Dia sudah membaca Freud dan Jung. Rasionalitas itu seperti iceberg. Tapi dia juga mengetahui dari buku-buku fisika yang dibacanya bahwa entropi biologis cenderung melawan hukum termodinamika. Mahluk hidup akan selalu membuat keteraturan atas serba ketakberaturan di sekitarannya. Lantas, dia harus mengimani yang mana?

Kenyataan adalah sesuatu yang dikenali, dibentuk, dan bukannya terberi. Setiap kali membaca sastra Latin pikirannya akan kembung oleh gagasan-gagasan mengenai konstruktivisme, imajinasi, dan otonomi fiksional semacam itu. Dia menyukai gagasan-gagasan itu sama seperti kesukaannya pada lelucon Larry Wilde. Baginya, lelucon adalah satu-satunya tempat pengungsian dari doktrin kebenaran-universal dan semua bentuk kepastian.

Dia memang tak pernah mempercayai absolutisme. Tapi karena itu pula dia kadang menyangsikan bahwa relatifisme berbeda dari absolutisme. Jangan-jangan, pikirnya, relatifisme adalah absolutisme dalam bentuk lain. Dan semua ini telah tali-temali sedemikian rupa sehingga tampak membingungkan.

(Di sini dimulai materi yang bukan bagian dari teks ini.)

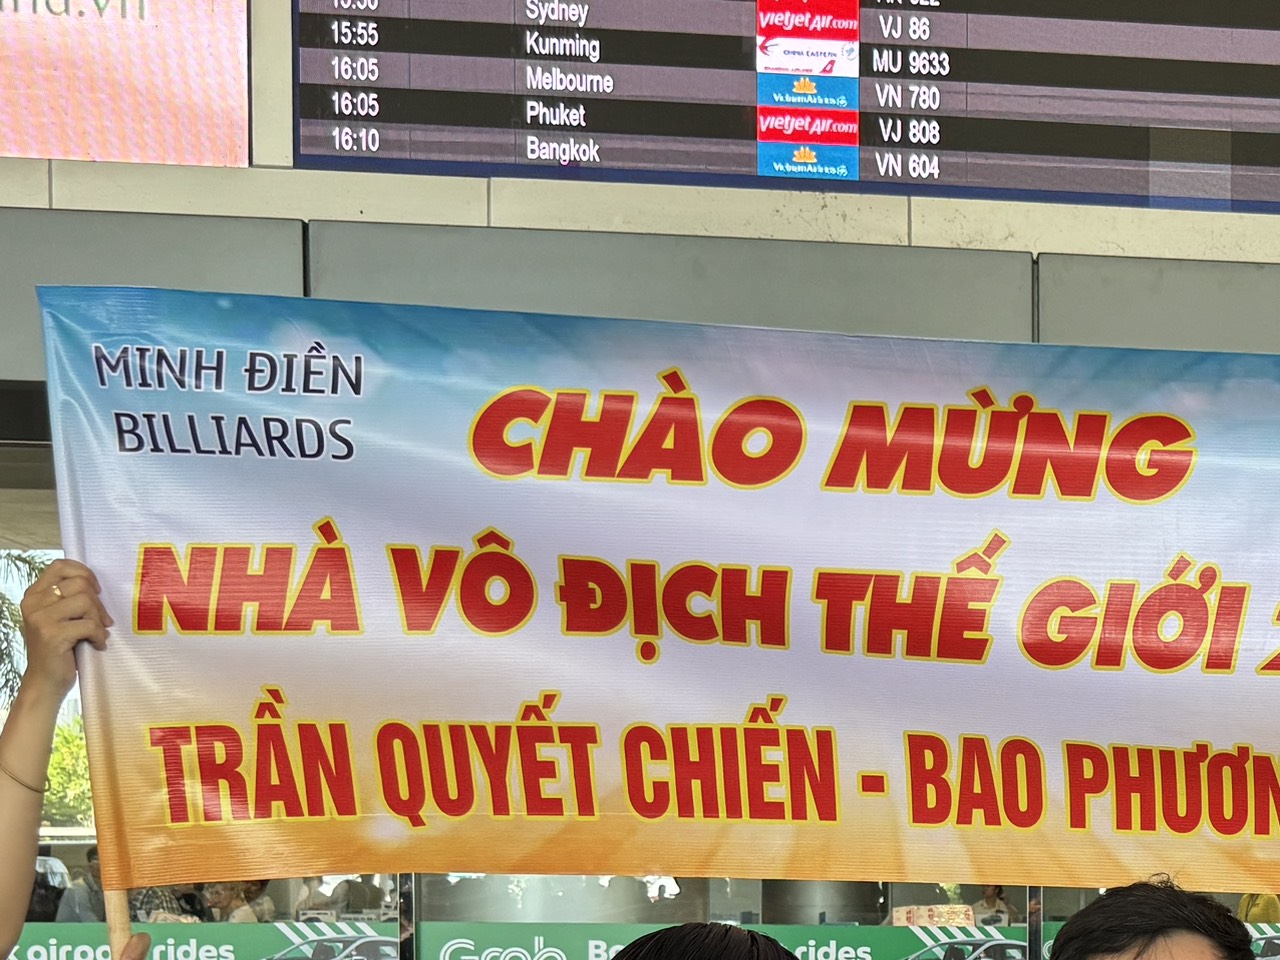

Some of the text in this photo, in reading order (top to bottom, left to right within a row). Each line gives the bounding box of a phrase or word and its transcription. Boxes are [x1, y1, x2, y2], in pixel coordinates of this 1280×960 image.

[525, 0, 589, 27] Sydney
[878, 14, 902, 39] VJ
[908, 16, 931, 41] 86
[331, 21, 601, 63] 15:55 Kunming
[331, 56, 614, 94] 16:05 Melbourne
[872, 48, 950, 76] MU 9633
[331, 91, 587, 127] 16:05 Phuket
[875, 84, 940, 110] VN 780
[331, 127, 601, 166] 16:10 Bangkok
[878, 117, 902, 143] VJ
[908, 119, 940, 144] 808
[875, 151, 940, 179] VN 604
[94, 341, 364, 398] MINH ĐIỀN
[114, 410, 356, 462] BILLIARDS
[469, 367, 1198, 505] CHÀO MỪNG
[131, 516, 367, 635] NHÀ
[385, 526, 539, 635] VÔ
[556, 553, 792, 665] ĐỊCH
[811, 528, 1011, 667] THẾ
[1017, 553, 1252, 674] GIỚI
[146, 684, 360, 827] TRẦN
[372, 689, 602, 828] QUYẾT
[619, 694, 841, 825] CHIẾN
[902, 730, 1048, 832] BAO

Pada sebuah makan malam, dia dikritik habis-habisan temannya. Alam dan pikiran sebenarnya sama buruknya, karena sama-sama terdiri dari keteraturan dan keserempakan yang bisa berganti tiba-tiba. Dengan pengalamannya manusia diajari untuk mengenali, tapi pengenalan itu sebenarnya tak mengajari apapun, karena kita sering mencatatnya sebagai aforisma. Aforisma inilah sebenarnya biangkerok kebingungan manusia.

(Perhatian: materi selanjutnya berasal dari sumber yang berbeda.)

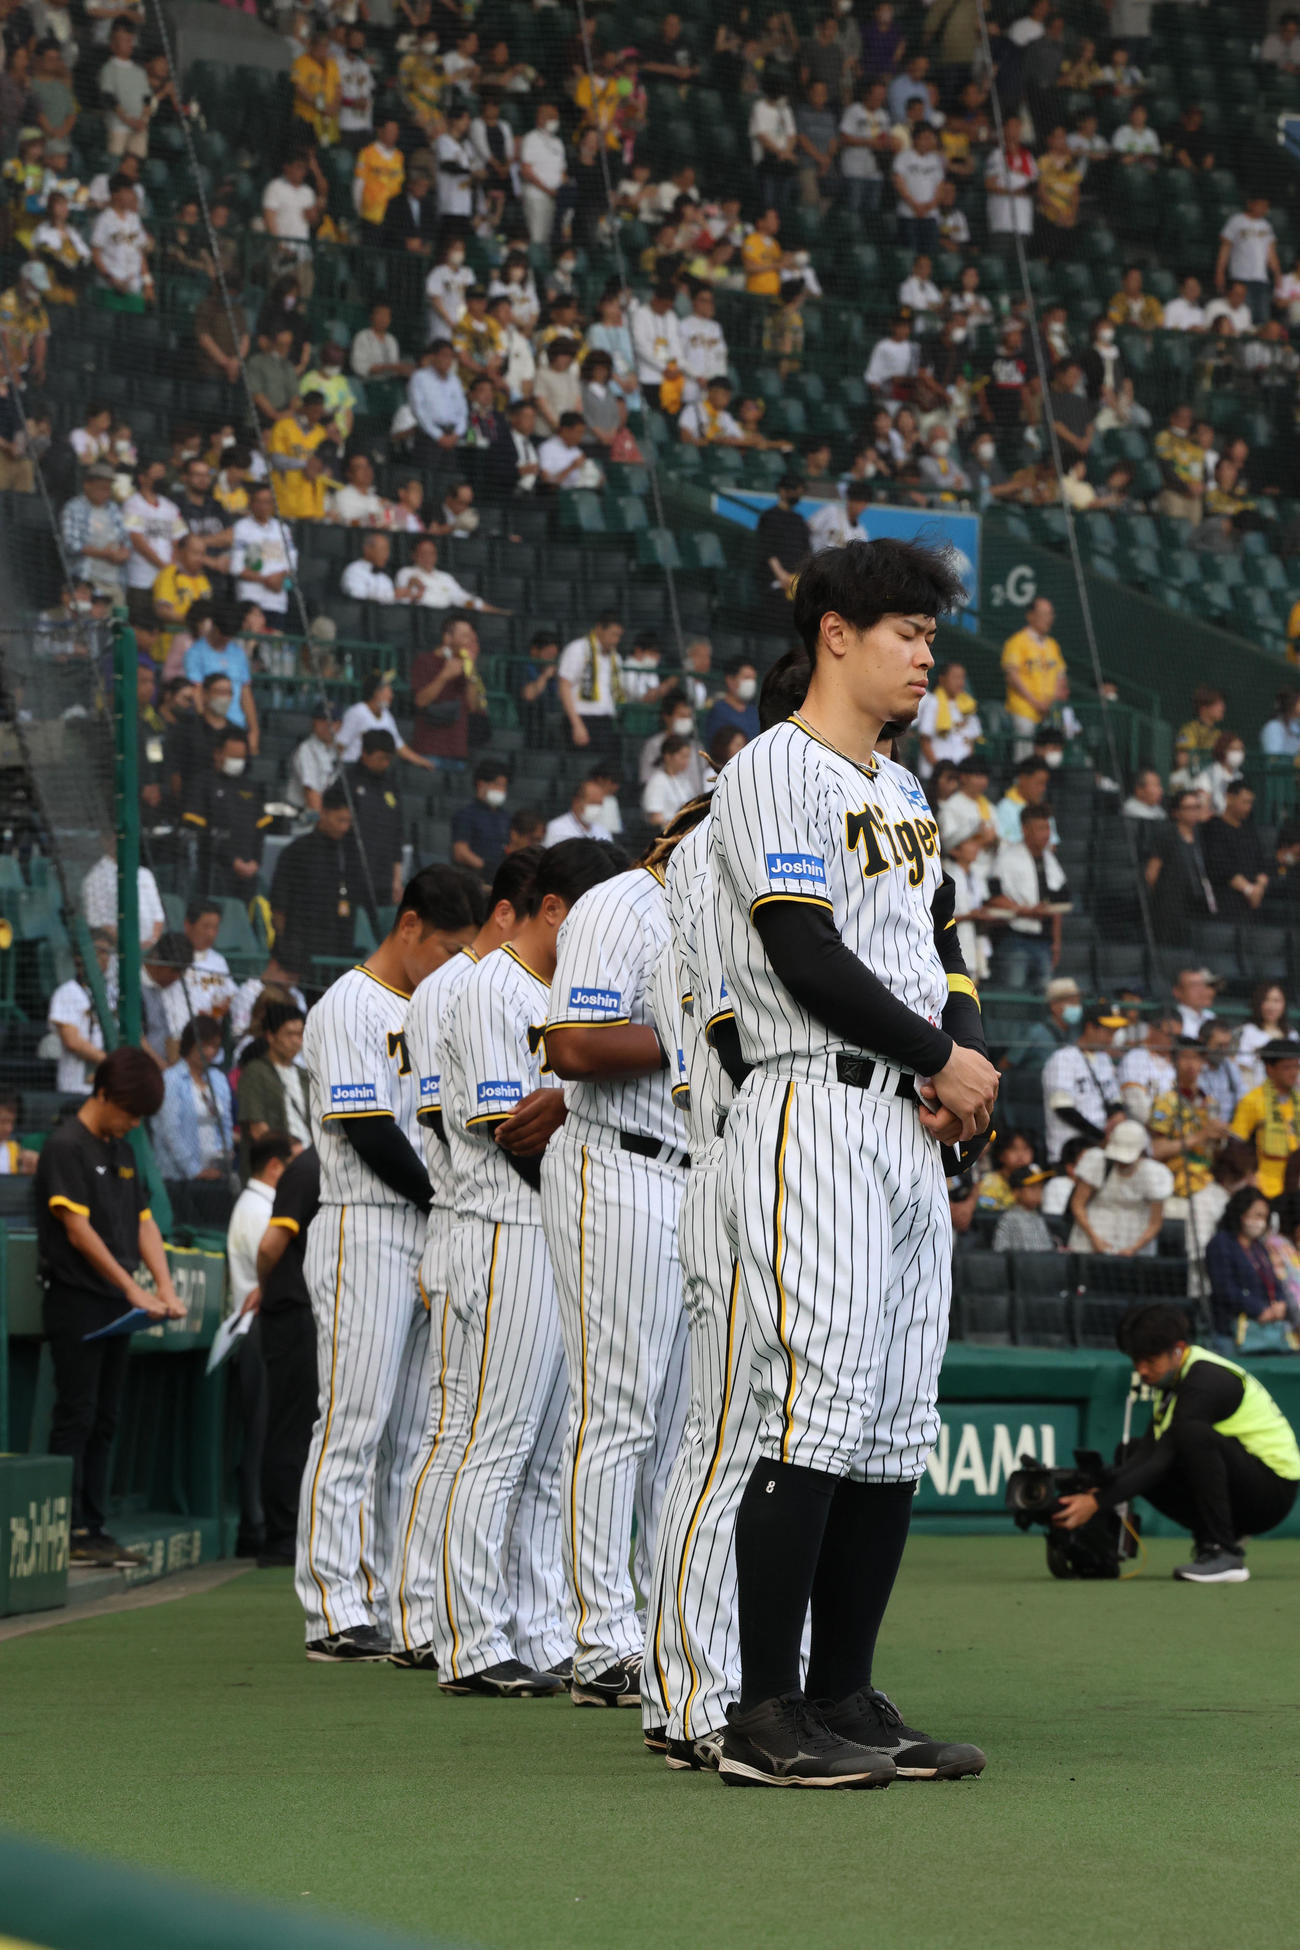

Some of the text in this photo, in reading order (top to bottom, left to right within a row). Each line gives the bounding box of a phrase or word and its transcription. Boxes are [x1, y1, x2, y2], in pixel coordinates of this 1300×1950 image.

[770, 858, 824, 879] Joshin
[571, 991, 618, 1008] Joshin
[333, 1085, 374, 1100] Joshin
[422, 1080, 441, 1092] Jo
[478, 1082, 520, 1098] Joshin
[765, 1480, 776, 1494] 8

Mereka berdebat panjang. Sampai ketika bibir mereka mulai jontor, mereka menyudahi baku dalih itu. Sebelum berpisah mereka menyepakati satu hal: hidup membutuhkan lelucon. Tapi hidup sebenarnya adalah lelucon itu sendiri, gerutunya, dimana logika dan kengawuran silih berganti membangun tawa. Karena itu pula hidup, menurut beberapa orang, menyenangkan.

Semenjak itu dia tak lagi pernah memikirkan bekas kekasihnya. #prosa01

Sumber: Surat-Surat Puisi

Tidak ada komentar:

Posting Komentar

Related Posts Plugin for WordPress, Blogger...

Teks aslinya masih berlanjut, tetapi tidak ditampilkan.